[YOUR ASSIGNMENT]:
What is needed is an exact copy of every entry below, minus the images.

[RECORDS PROVIDED]:
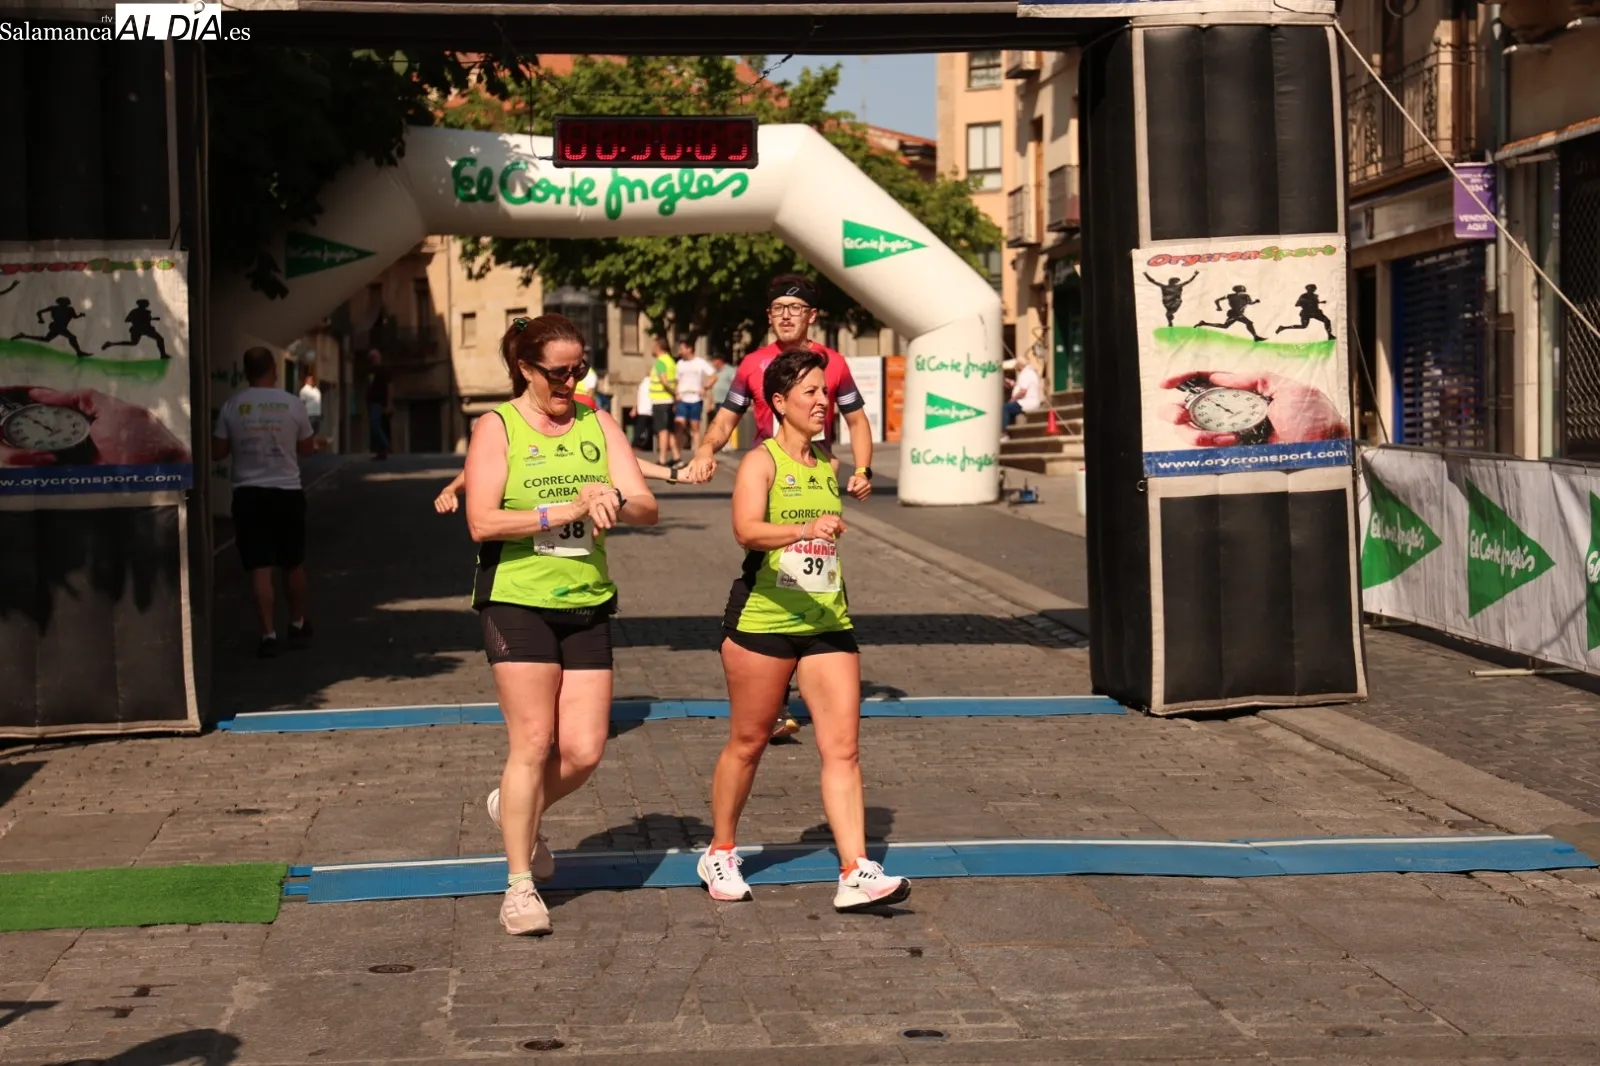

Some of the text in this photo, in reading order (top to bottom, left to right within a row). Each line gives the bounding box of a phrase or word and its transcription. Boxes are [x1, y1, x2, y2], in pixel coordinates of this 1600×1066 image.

[452, 156, 496, 203] El
[499, 160, 598, 206] Corte
[1157, 449, 1347, 470] www.orycronsport.com
[523, 474, 609, 489] CORRECAMINOS
[558, 520, 585, 540] 38
[1469, 529, 1480, 559] El
[1479, 532, 1501, 565] Corte
[803, 557, 824, 576] 39
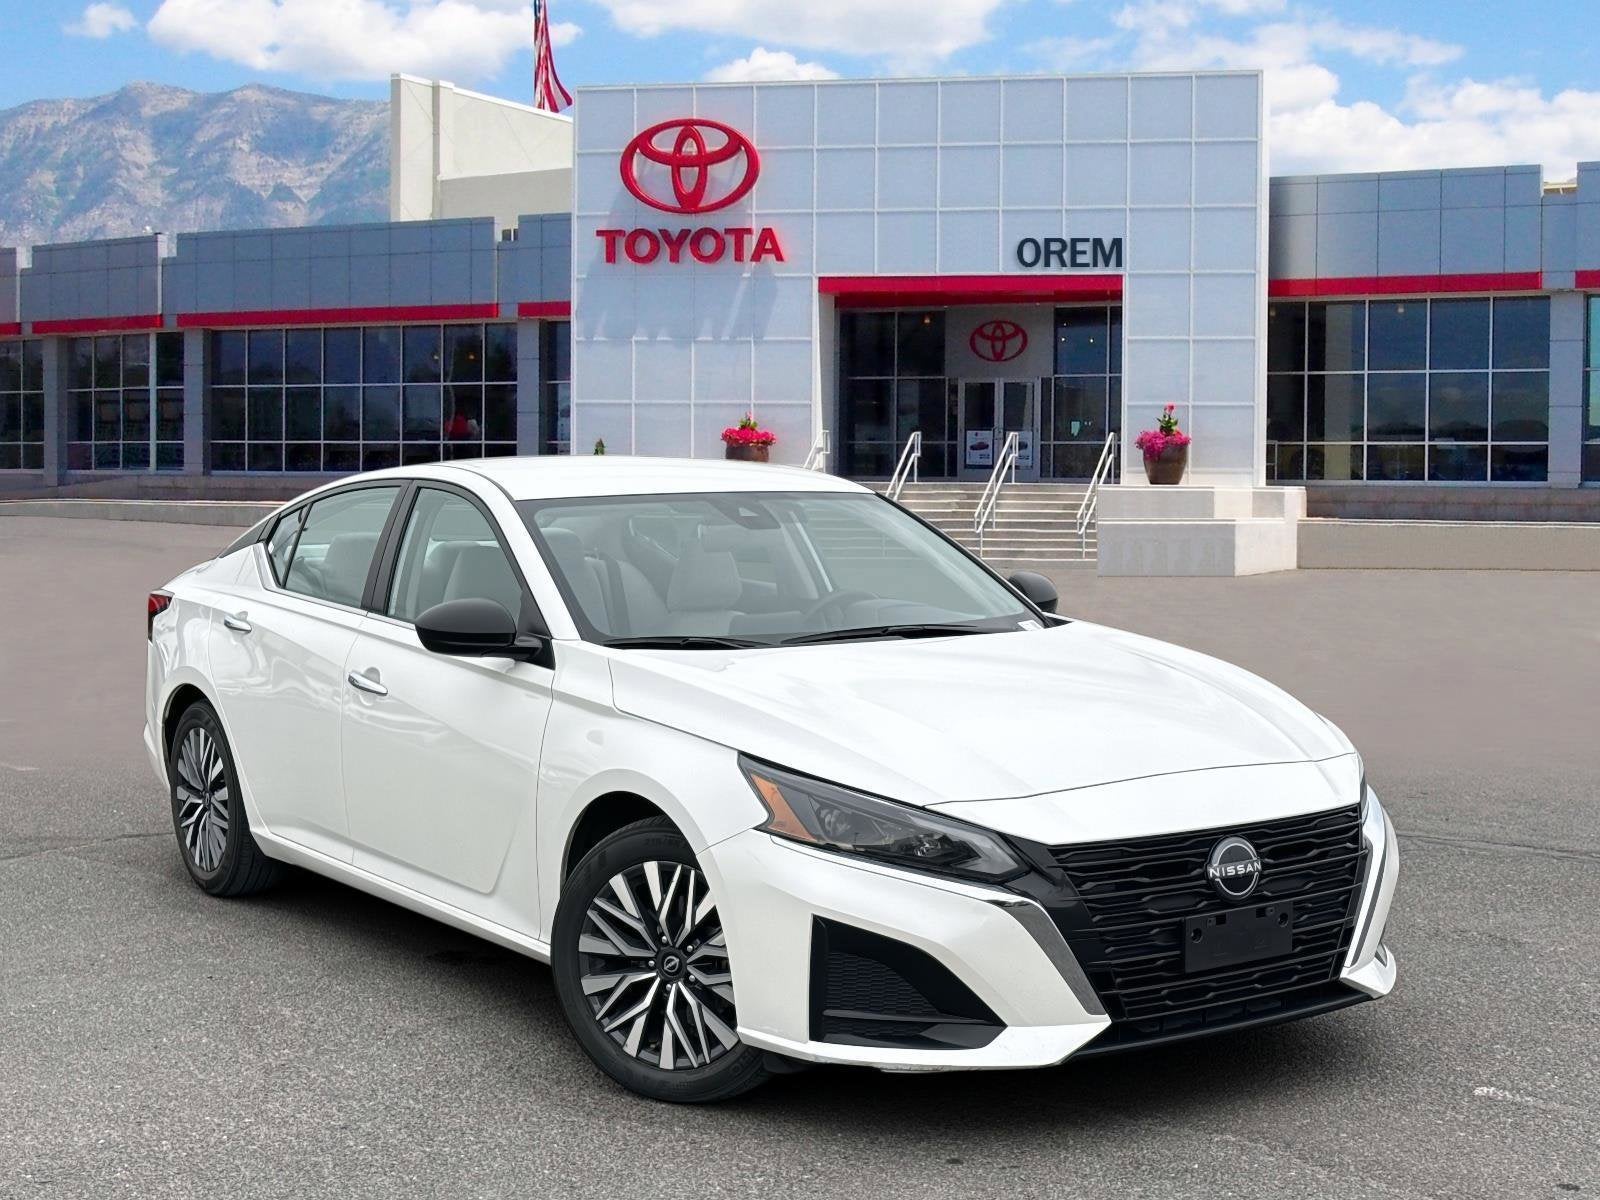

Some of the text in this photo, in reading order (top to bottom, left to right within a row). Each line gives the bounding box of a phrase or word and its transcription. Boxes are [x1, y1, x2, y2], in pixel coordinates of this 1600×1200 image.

[SOLUTION BELOW]:
Some of the text in this photo, in reading order (top to bottom, left to right within a row). Each line gives the bounding box of a phrase or word and its transcription. Boxes are [x1, y1, x2, y2], in pixel coordinates of this 1600×1066 image.

[452, 156, 496, 203] El
[499, 160, 598, 206] Corte
[1157, 449, 1347, 470] www.orycronsport.com
[523, 474, 609, 489] CORRECAMINOS
[558, 520, 585, 540] 38
[1469, 529, 1480, 559] El
[1479, 532, 1501, 565] Corte
[803, 557, 824, 576] 39

Some of the text in this photo, in reading order (top to bottom, left to right within a row). Each line gives the bounding box of a phrase or word and its transcription. Boxes are [x1, y1, x2, y2], in pixel coordinates of this 1600×1200 image.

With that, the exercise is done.